SOURCE DATA ▸
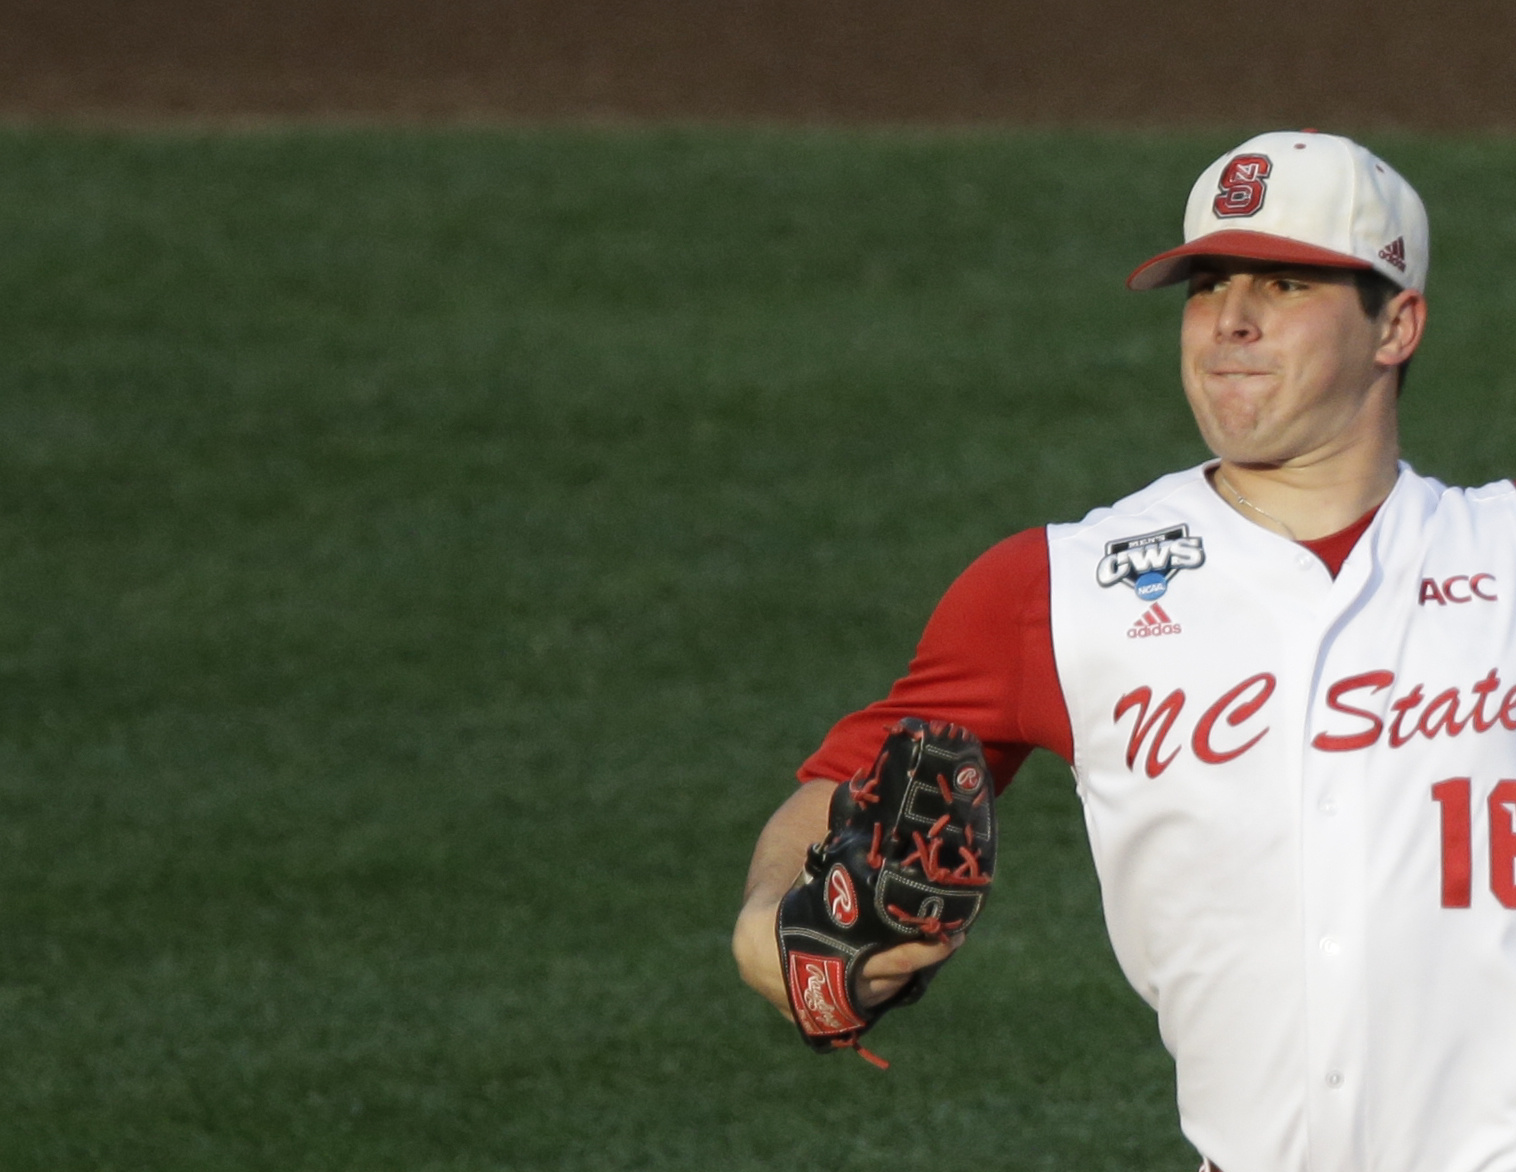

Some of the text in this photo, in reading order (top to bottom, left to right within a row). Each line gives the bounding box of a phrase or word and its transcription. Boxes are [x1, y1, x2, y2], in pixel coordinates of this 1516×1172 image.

[1096, 537, 1206, 588] CWS
[1138, 583, 1166, 595] NCAA
[1418, 573, 1498, 606] ACC
[1127, 623, 1182, 639] adidas

WHAT THE EXERCISE ASKS ▸ The whole listing above should be restated word for word, minus any images.

SOLVED PROBLEM ▸
Some of the text in this photo, in reading order (top to bottom, left to right within a row). Each line gives the bounding box of a phrase or word and its transcription. Boxes are [x1, y1, x2, y2], in pixel coordinates of this 1516×1172 image.

[1096, 537, 1206, 588] CWS
[1138, 583, 1166, 595] NCAA
[1418, 573, 1498, 606] ACC
[1127, 623, 1182, 639] adidas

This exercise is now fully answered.